The noble Lord said: My Lords, this amendment concerns the length of sentence passed by the International Criminal Court. It suggests that on conviction a UK national should serve a sentence no longer than the maximum for that offence in the United Kingdom. As was said in Committee, that appears to be incompatible with the statutes, but it is not incompatible with putting down declarations at the time of ratification of the treaty because that has been done by another country, so that is not impossible. Indeed, it is possible. The country concerned is the Kingdom of Spain, which made a declaration on the ratification status document, having already ratified the treaty that,

    "Spain declares its willingness to accept at the appropriate time, persons sentenced by the International Criminal Court, provided that the duration of the sentence does not exceed the maximum stipulated for any crime under Spanish law".

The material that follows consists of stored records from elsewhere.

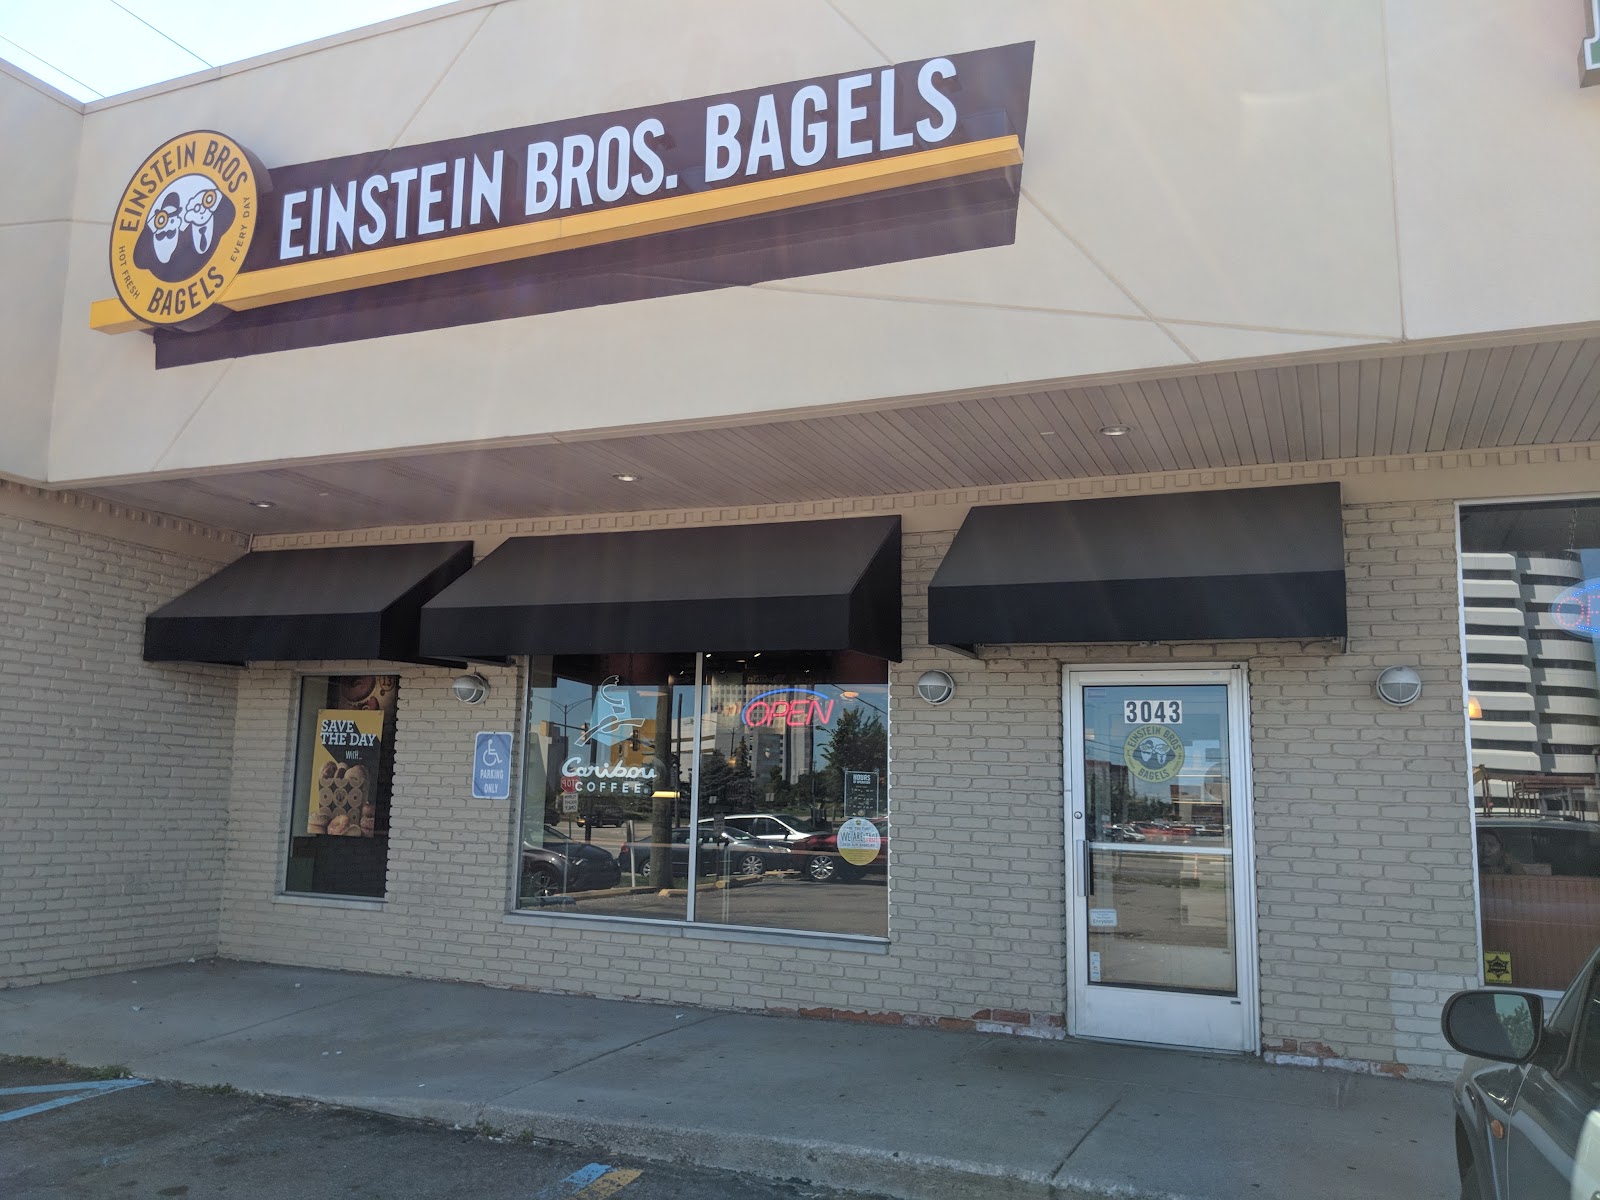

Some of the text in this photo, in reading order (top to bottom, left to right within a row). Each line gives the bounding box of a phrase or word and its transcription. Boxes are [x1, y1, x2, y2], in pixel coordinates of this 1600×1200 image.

[280, 57, 957, 260] EINSTEIN BROS. BAGELS
[120, 140, 247, 232] EINSTEIN BROS
[230, 225, 248, 263] EVERY
[118, 245, 140, 300] HOT FRESH
[147, 266, 225, 316] BAGELS
[745, 699, 834, 727] OPEN
[1126, 701, 1180, 723] 3043
[321, 719, 354, 733] SAVE
[320, 732, 377, 747] THE DAY
[1128, 726, 1181, 750] EINSTEIN BROS
[480, 769, 504, 779] PARKING
[561, 756, 657, 779] Caribou
[1138, 768, 1169, 780] BAGELS
[484, 783, 499, 793] ONLY

The noble Baroness, Lady Scotland, was kind enough to write to me about this apparent quirk and the apparent freedom of the Kingdom of Spain to take a different view from that which appeared to be stipulated in the statute. She said that it reflected domestic and constitutional issues in Spain. I should certainly like to hear why our own concerns cannot also be reflected in a declaration of this kind and why a great many constitutional and domestic issues that other countries appear to be able to reflect in their declarations cannot be reflected. To put the matter another way, could we have an indication of what declarations will be met? We have heard about the explanatory memorandum that will be produced at the end of the passage of the Bill to enable easier translation or association with the statute.

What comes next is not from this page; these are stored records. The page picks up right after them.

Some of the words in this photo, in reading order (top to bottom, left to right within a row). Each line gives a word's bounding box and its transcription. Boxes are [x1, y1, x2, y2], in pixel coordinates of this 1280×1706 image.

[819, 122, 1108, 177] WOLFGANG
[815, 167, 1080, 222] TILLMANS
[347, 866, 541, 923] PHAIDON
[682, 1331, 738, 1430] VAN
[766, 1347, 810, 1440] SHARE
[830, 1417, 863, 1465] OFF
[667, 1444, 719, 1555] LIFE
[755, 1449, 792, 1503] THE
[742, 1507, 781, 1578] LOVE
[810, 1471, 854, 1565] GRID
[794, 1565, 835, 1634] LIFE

I believe that in dealing with this matter your Lordships' House deserves an indication of what kind of declarations and interpretative comments the Government intend to put down because they will make a great difference. In earlier debates we have heard how the French have taken strong viewpoints that the Government apparently do not want to emulate, to my personal regret, and I believe to the regret of many people outside.

Here is a not unimportant but a less central matter and if there were to be a declaration we would not need to press the amendment. But not knowing about the declarations and not knowing how the law will be handled leaves us in a difficult position. I would be grateful for clarification on the specific matter of the length of sentence and on the broader matter of declarations, if any, that will be put down in the future. I beg to move.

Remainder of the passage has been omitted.